Sunday, September 23, 2007

Why John Stuart Mill is the greatest Liberal

I was asked to review Reinventing the State for Liberator. The word limit was 1800 and I found that I could not to do it justice in that space.

So I decided to write something else instead, and this article on Mill was the result. You can find it in Liberator 321 - the issue that was on sale at Brighton.

A few days later Comment is Free offered to pay me to review Reinventing the State in 400 words. Magically, I found it was possible.

Grist to the Mill?

More than 200 years after his birth, John Stuart Mill remains the most important philosopher for Liberal Democrats. It is fashionable to name check L.T. Hobhouse and T.H. Green, but I suspect that few who do so have really read their works. Hobhouse’s Liberalism is approachable, but hardly profound when set against Mill, while Green is next to unreadable. In part this is because Green’s heyday came during that brief period in the late nineteenth century when Idealism was the dominant force in British philosophy, and it is hard for we 21st-century realists to make much of him as a result. Equally, however, there was a tension in Green’s thought between his espousal of liberty and the enthusiasms, such as Temperance, which he derived from his religious views. The suspicion must be that he sometimes found it convenient to take refuge in obfuscation.
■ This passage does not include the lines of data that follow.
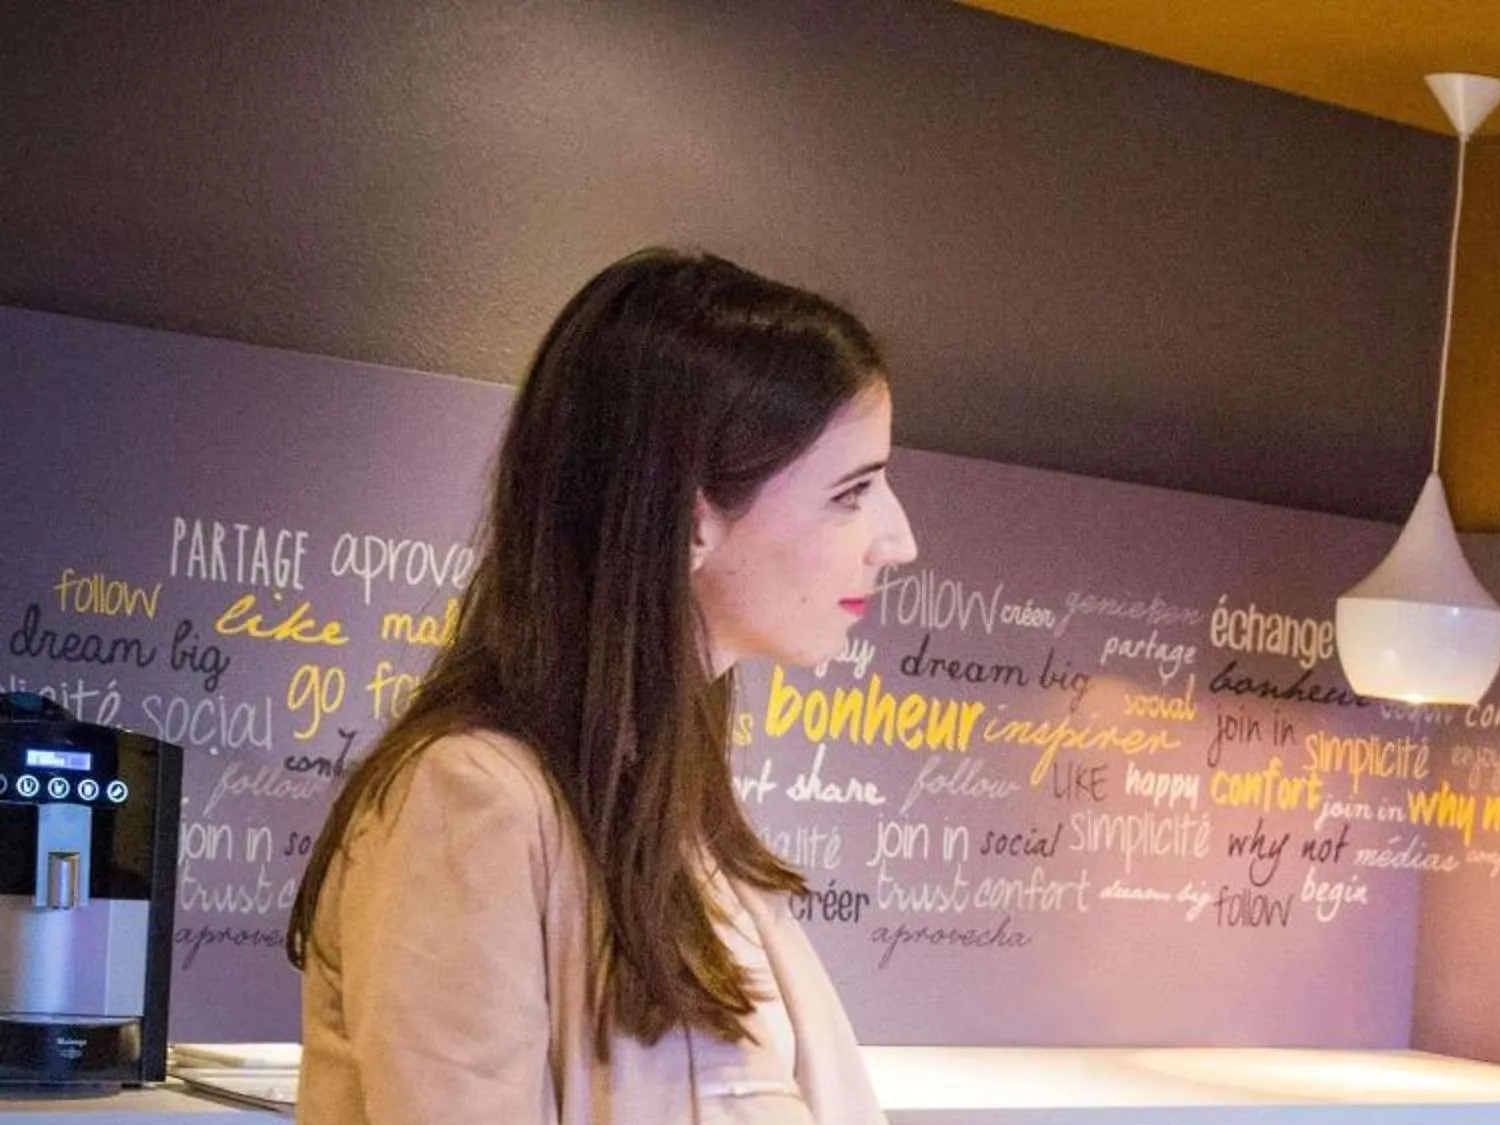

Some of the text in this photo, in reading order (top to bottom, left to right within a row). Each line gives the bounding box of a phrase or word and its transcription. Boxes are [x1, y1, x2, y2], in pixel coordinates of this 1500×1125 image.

[170, 516, 310, 591] PARTAGE
[332, 533, 475, 605] aprove
[54, 568, 162, 619] follow
[215, 592, 349, 645] like
[876, 565, 1004, 634] follow
[1000, 599, 1056, 629] créer
[9, 603, 230, 692] dream big
[1101, 629, 1197, 686] partage
[1210, 594, 1334, 670] échange
[287, 665, 345, 739] go
[901, 635, 1029, 687] dream
[1039, 647, 1092, 713] big
[142, 694, 272, 750] social
[766, 664, 986, 752] bonheur
[1207, 703, 1298, 768] join in
[983, 704, 1181, 785] inspirer
[786, 743, 886, 805] share
[1052, 764, 1108, 802] LIKE
[1125, 761, 1199, 810] happy
[178, 814, 232, 864] join
[247, 824, 273, 862] in
[866, 813, 970, 867] join in
[980, 822, 1064, 858] social
[1314, 793, 1408, 830] join in
[1407, 780, 1476, 847] why
[1068, 808, 1211, 875] simplicité
[1228, 818, 1349, 887] why not
[179, 860, 273, 914] trust
[789, 880, 870, 924] créer
[877, 858, 1091, 914] trust confort
[1213, 885, 1294, 928] follow
[1300, 866, 1368, 923] begin
The greatest 20th century liberal thinkers are Karl Popper and Isaiah Berlin, and both are splendidly lucid. It would be wrong to dismiss either as a Cold War philosopher, but the fact that (perhaps unwisely) we no longer feel the same urgent need to defend democracy against tyranny means that their work is not as compelling as it once was. More recently Richard Rorty made an attractive attempt to reconcile the most avant-garde postmodern theory with a defence of the institutions of the Western liberal democracies, but the Mill of On Liberty still reigns supreme.

Yet something strange has happened to the way we remember On Liberty. Reading the new collection Reinventing the State, for instance, I came across two references to the work, and from them one could be forgiven for thinking that Mill was chiefly concerned with delineating the ways in which liberty must be circumscribed.

Writing on liberal environmentalism, Ed Randall cites Mill’s harm principle. This holds that what individuals do, as long as it does not harm others, should go unregulated by the state. He then argues that our modern understanding of the effects of economic activity on the environment means that the boundaries of the area of life that can be left to individual decision must be drawn more tightly than Mill imagined, but he seems unsure as to whether to claim Mill’s blessing for this new interventionism or to dismiss him as naive.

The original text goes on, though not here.